Skip site navigation (1)Skip section navigation (2)
Date:      Tue, 10 Jul 2007 14:00:32 -0700 (PDT)
From:      Doug Ambrisko <ambrisko@ambrisko.com>
To:        "Constantine A. Murenin" <cnst@FreeBSD.org>
Cc:        Rui Paulo <rpaulo@fnop.net>, Shteryana Shopova <syrinx@FreeBSD.org>, freebsd-arch@FreeBSD.org
Subject:   Re: Porting OpenBSD's sysctl hw.sensors framework to FreeBSD (was: Re: PERFORCE change 123040 for review)
Message-ID:  <200707102100.l6AL0WPA063338@ambrisko.com>
In-Reply-To: <4693EDFB.5050401@FreeBSD.org>

next in thread | previous in thread | raw e-mail | index | archive | help
Constantine A. Murenin writes:
| On 10/07/2007 14:33, Doug Ambrisko wrote:
| >There are so many different flavours of HW monitoring chips
| > and several tools that can read them live in ports.  Lots of them are
| > slightly different, intefaces can be i2c or direct I/O.  
| 
| Please, enlighten me which of these several tools were updated in the 
| last few years. Most hardware monitoring tools in the ports tree are 
| outdated and no longer being maintained: xmbmon, healthd, lmmon, 
| consolehm, wmhm etc. Several of these have a last-modified date of 2000, 
| that's 7 years ago!

Being in the kernel means they get updated?  It's so trivial to 
write this stuff that I've put it in various embedded appliances.
There are so many different chips why bother trying to support them
all when there is little bang for effort and it add's kernel bloat.

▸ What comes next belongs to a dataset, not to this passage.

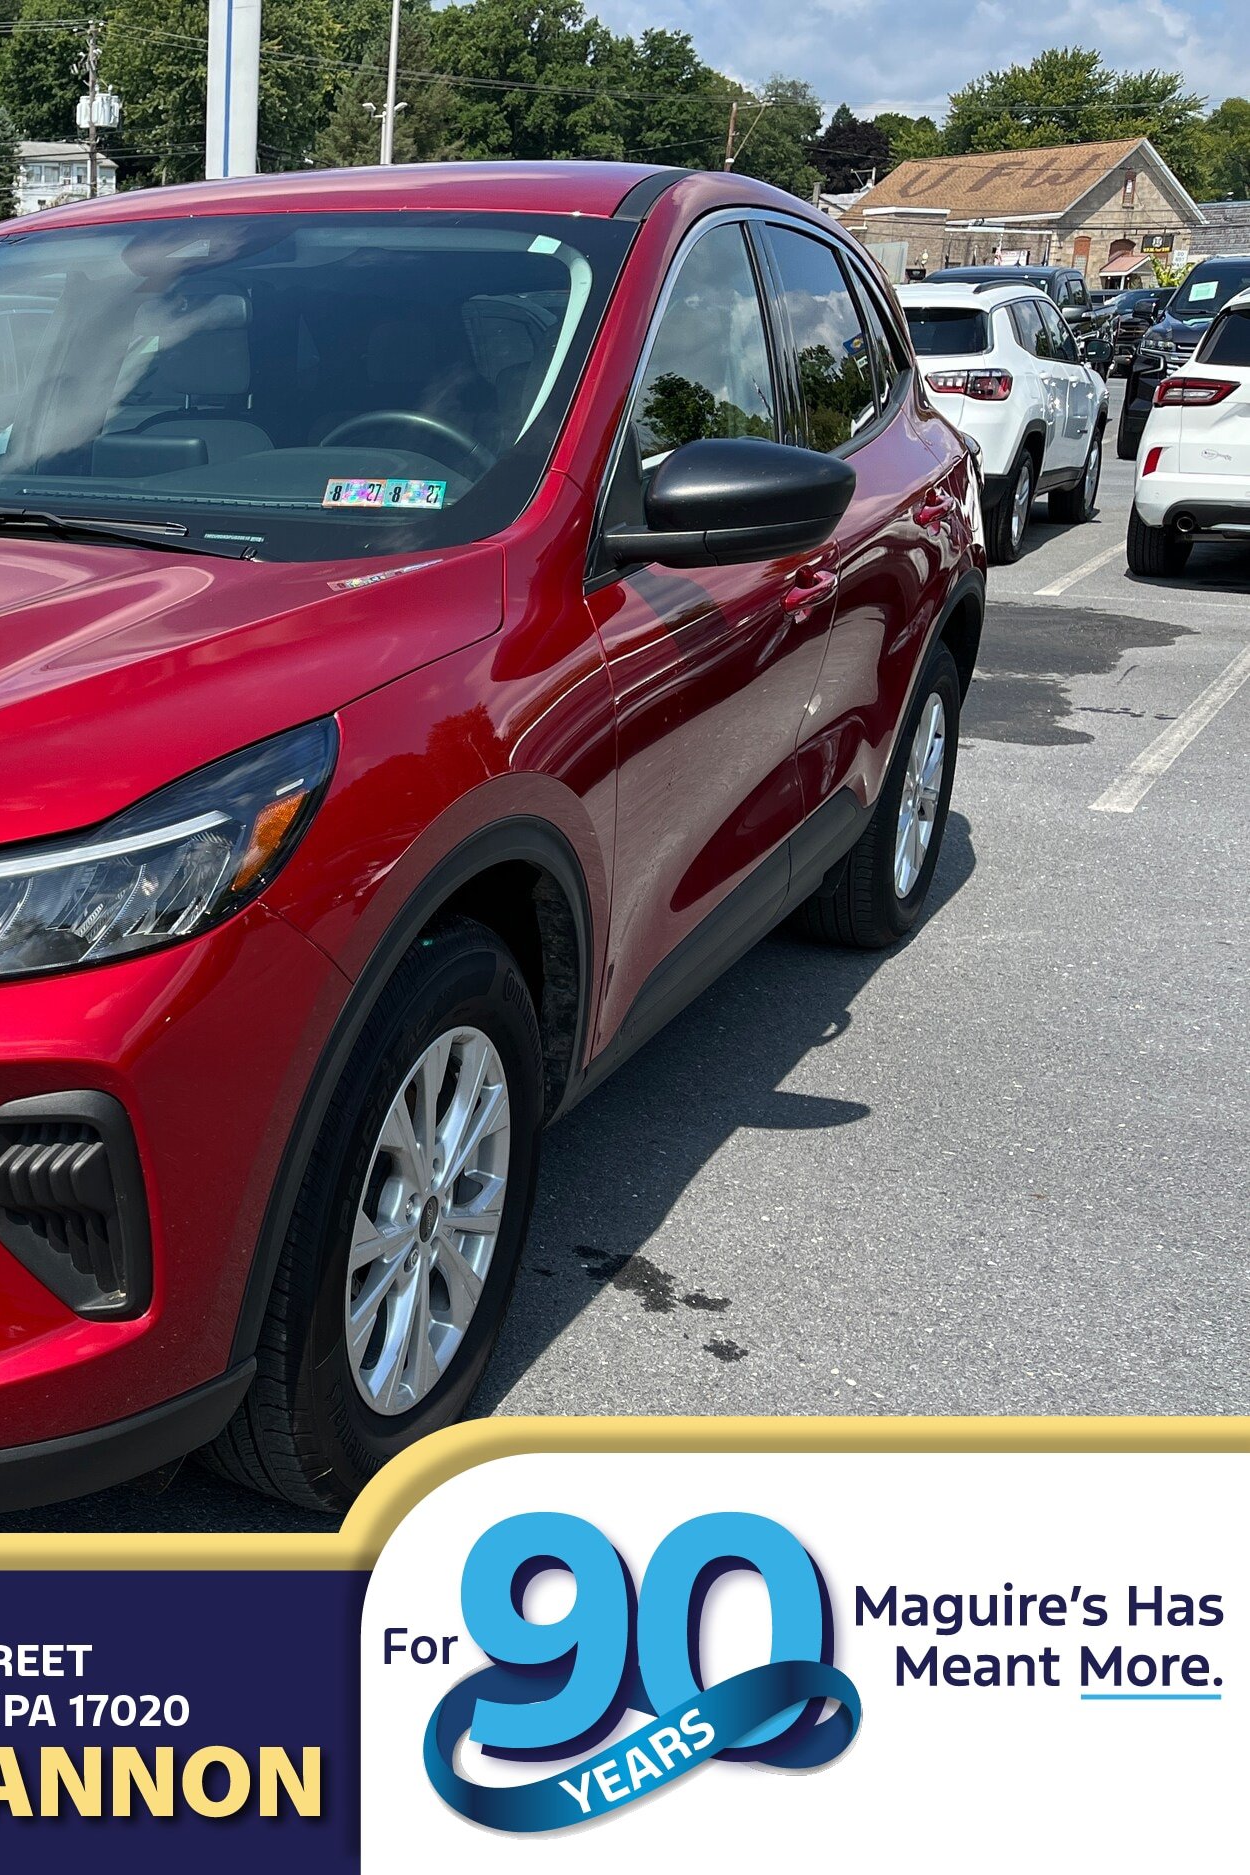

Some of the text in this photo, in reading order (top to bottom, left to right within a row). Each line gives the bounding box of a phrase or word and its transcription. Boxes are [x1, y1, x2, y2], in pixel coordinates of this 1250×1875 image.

[332, 483, 382, 502] 8 27
[391, 485, 442, 503] 8 27
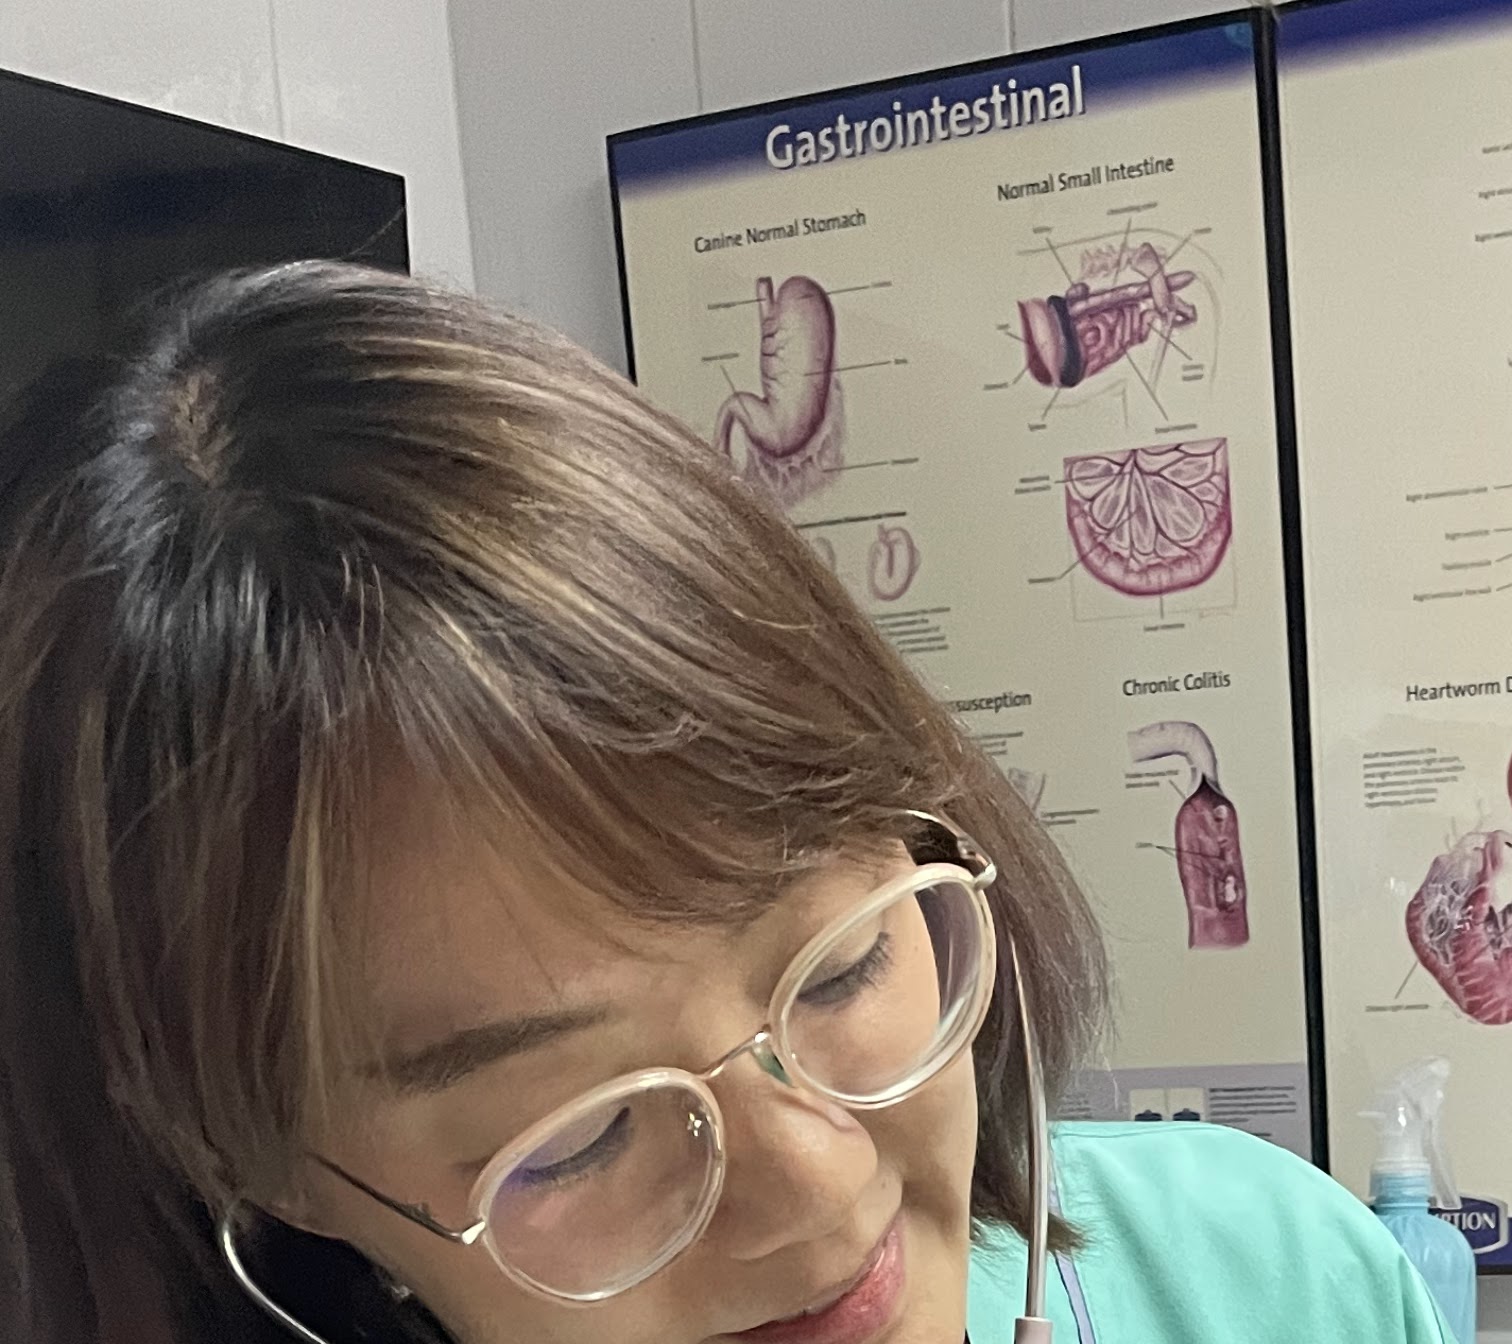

| Please note that this framework is not limited to monitoring temperature 
| and fan speed sensors -- it also allows one to monitor raid array status 
| and a few other things.
| 
| Moreover, in OpenBSD and NetBSD these kinds of in-kernel frameworks are 
| used to display ipmi(4) sensors, too.

Which is probably a mistake IMHO but atleast has a common interface.
Note that talking to IPMI controllers can be rather expensive.  Users
have to be careful with things talking to IPMI when updating firmware.
There are more firmware upgrade tools that use the OpenIPMI interface 
so they just work with the driver. 
 
| Monitoring of remote machines with this framework is also possible -- 
| with symon from ports.  Querying local machines is as easy as running 
| sysctl or systat, and alerts can be generated through sensorsd.

It's trivial to do in other ways as well.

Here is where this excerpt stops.